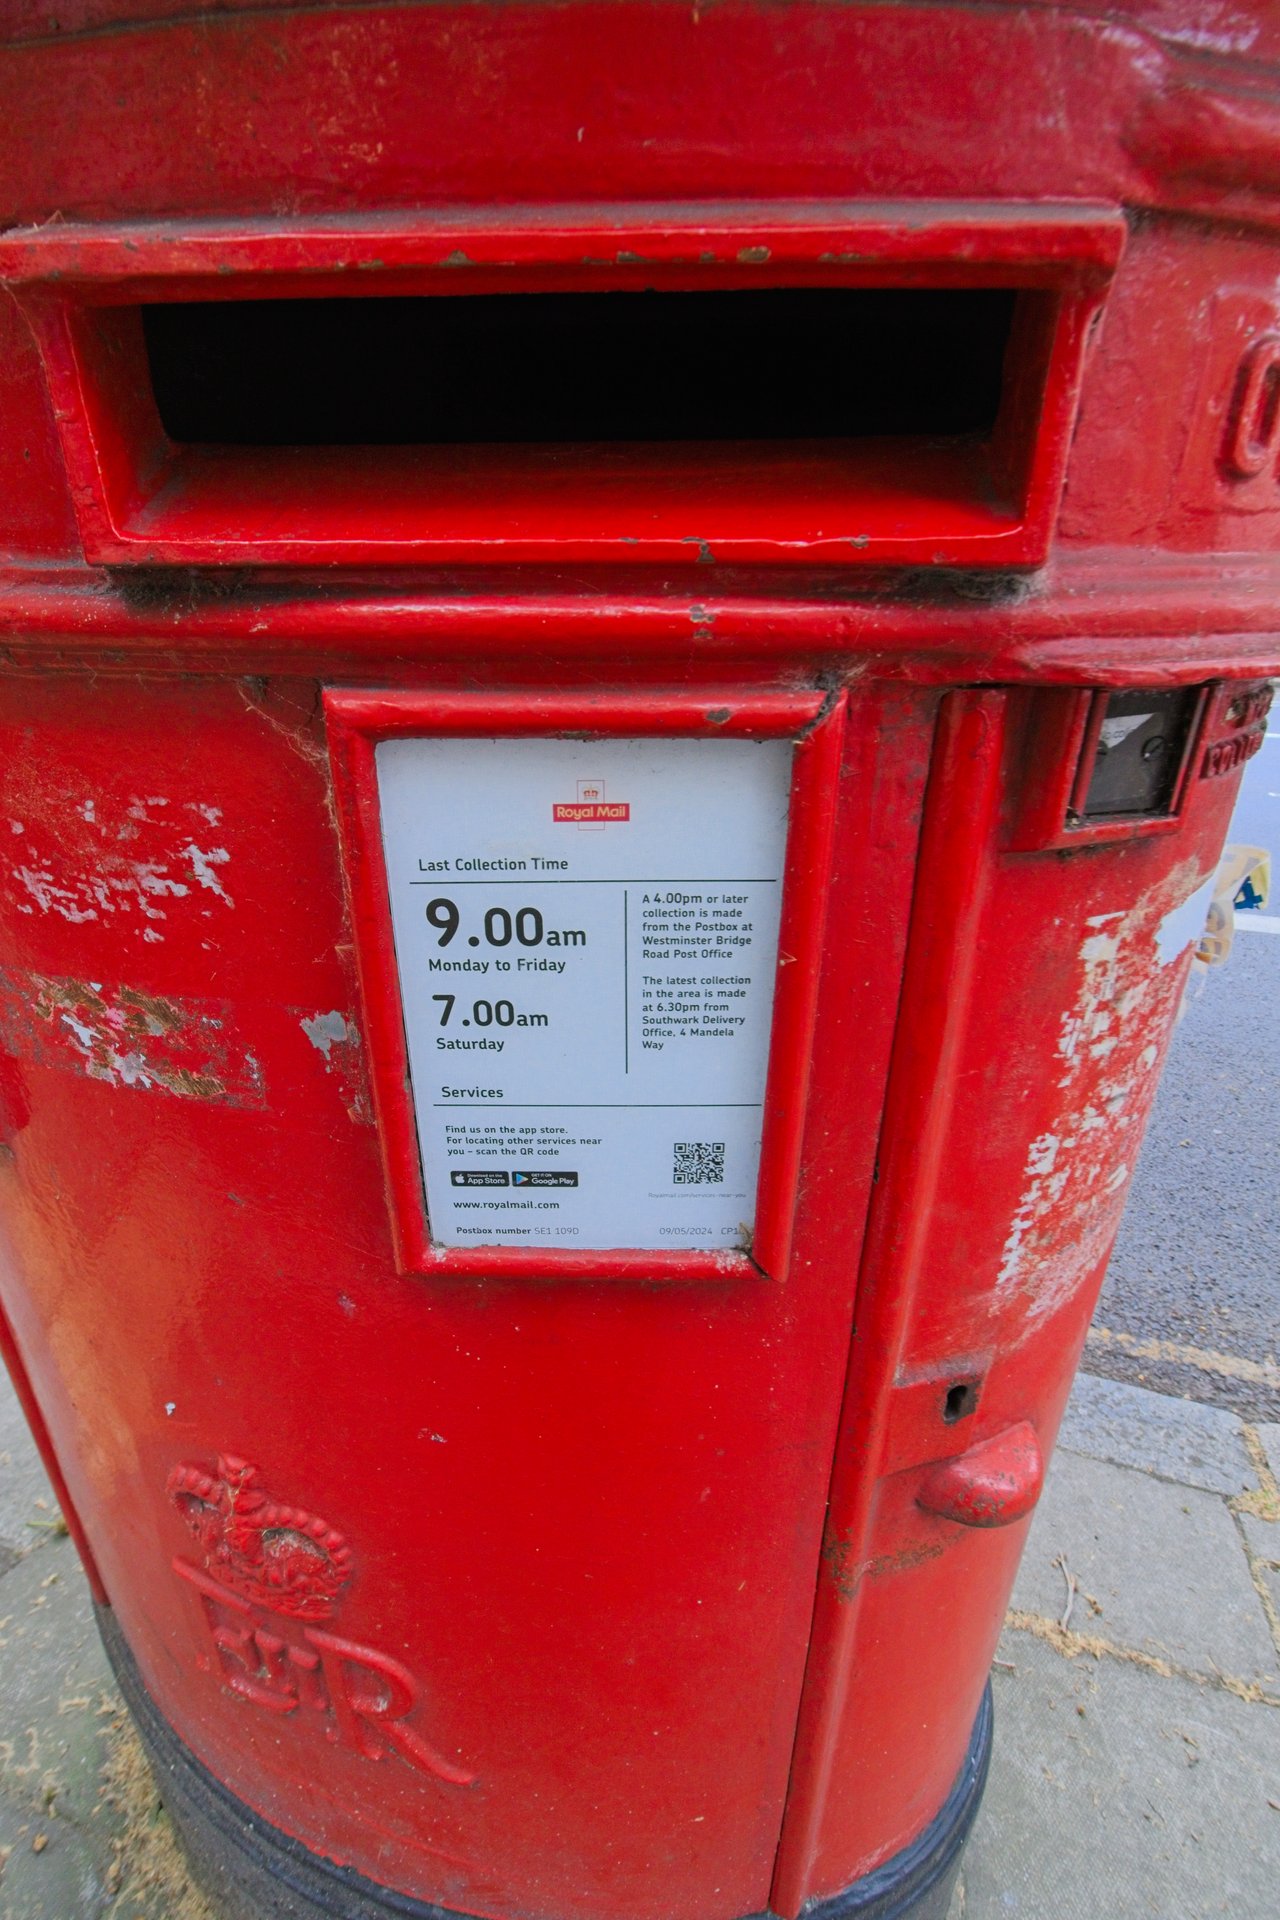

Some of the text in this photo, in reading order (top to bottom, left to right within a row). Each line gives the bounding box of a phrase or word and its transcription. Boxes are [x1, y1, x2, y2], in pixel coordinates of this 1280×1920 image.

[556, 805, 626, 821] Royal Mail
[418, 857, 569, 872] Last Collection Time
[641, 892, 750, 906] A 4.00pm or later
[642, 907, 743, 918] collection is made
[425, 897, 587, 948] 9.00am
[642, 921, 754, 932] from the Postbox at
[641, 935, 753, 947] Westminster Bridge
[642, 948, 734, 959] Road Post Office
[428, 957, 566, 974] Monday to Friday
[642, 975, 752, 986] The latest collection
[642, 988, 747, 999] in the area is made
[431, 994, 549, 1027] 7.00am
[641, 1001, 730, 1014] at 6.30pm from
[642, 1015, 746, 1026] Southwark Delivery
[679, 1027, 687, 1037] 4
[689, 1027, 735, 1037] Mandela
[436, 1037, 505, 1053] Saturday
[641, 1040, 665, 1051] Way
[441, 1085, 504, 1099] Services
[445, 1125, 467, 1134] Find
[499, 1125, 516, 1134] the
[518, 1127, 538, 1136] app
[539, 1126, 569, 1134] store.
[446, 1136, 463, 1145] For
[465, 1136, 504, 1147] locating
[507, 1136, 534, 1145] other
[536, 1136, 577, 1145] services
[447, 1148, 465, 1157] you
[475, 1148, 498, 1156] scan
[499, 1146, 517, 1156] the
[519, 1147, 534, 1157] QR
[536, 1147, 560, 1156] code
[467, 1177, 483, 1185] App
[531, 1177, 575, 1186] Google Play
[452, 1200, 560, 1211] www.royalmail.com
[455, 1226, 493, 1235] Postbox
[495, 1227, 532, 1235] number
[534, 1227, 552, 1235] SE1
[659, 1227, 713, 1236] 09/05/2024

▶ About this exercise
No pictures belong in the answer; copy all other parts of the listing exactly.

▶ Completed exercise
Some of the text in this photo, in reading order (top to bottom, left to right within a row). Each line gives the bounding box of a phrase or word and its transcription. Boxes are [x1, y1, x2, y2], in pixel coordinates of this 1280×1920 image.

[556, 805, 626, 821] Royal Mail
[418, 857, 569, 872] Last Collection Time
[641, 892, 750, 906] A 4.00pm or later
[642, 907, 743, 918] collection is made
[425, 897, 587, 948] 9.00am
[642, 921, 754, 932] from the Postbox at
[641, 935, 753, 947] Westminster Bridge
[642, 948, 734, 959] Road Post Office
[428, 957, 566, 974] Monday to Friday
[642, 975, 752, 986] The latest collection
[642, 988, 747, 999] in the area is made
[431, 994, 549, 1027] 7.00am
[641, 1001, 730, 1014] at 6.30pm from
[642, 1015, 746, 1026] Southwark Delivery
[679, 1027, 687, 1037] 4
[689, 1027, 735, 1037] Mandela
[436, 1037, 505, 1053] Saturday
[641, 1040, 665, 1051] Way
[441, 1085, 504, 1099] Services
[445, 1125, 467, 1134] Find
[499, 1125, 516, 1134] the
[518, 1127, 538, 1136] app
[539, 1126, 569, 1134] store.
[446, 1136, 463, 1145] For
[465, 1136, 504, 1147] locating
[507, 1136, 534, 1145] other
[536, 1136, 577, 1145] services
[447, 1148, 465, 1157] you
[475, 1148, 498, 1156] scan
[499, 1146, 517, 1156] the
[519, 1147, 534, 1157] QR
[536, 1147, 560, 1156] code
[467, 1177, 483, 1185] App
[531, 1177, 575, 1186] Google Play
[452, 1200, 560, 1211] www.royalmail.com
[455, 1226, 493, 1235] Postbox
[495, 1227, 532, 1235] number
[534, 1227, 552, 1235] SE1
[659, 1227, 713, 1236] 09/05/2024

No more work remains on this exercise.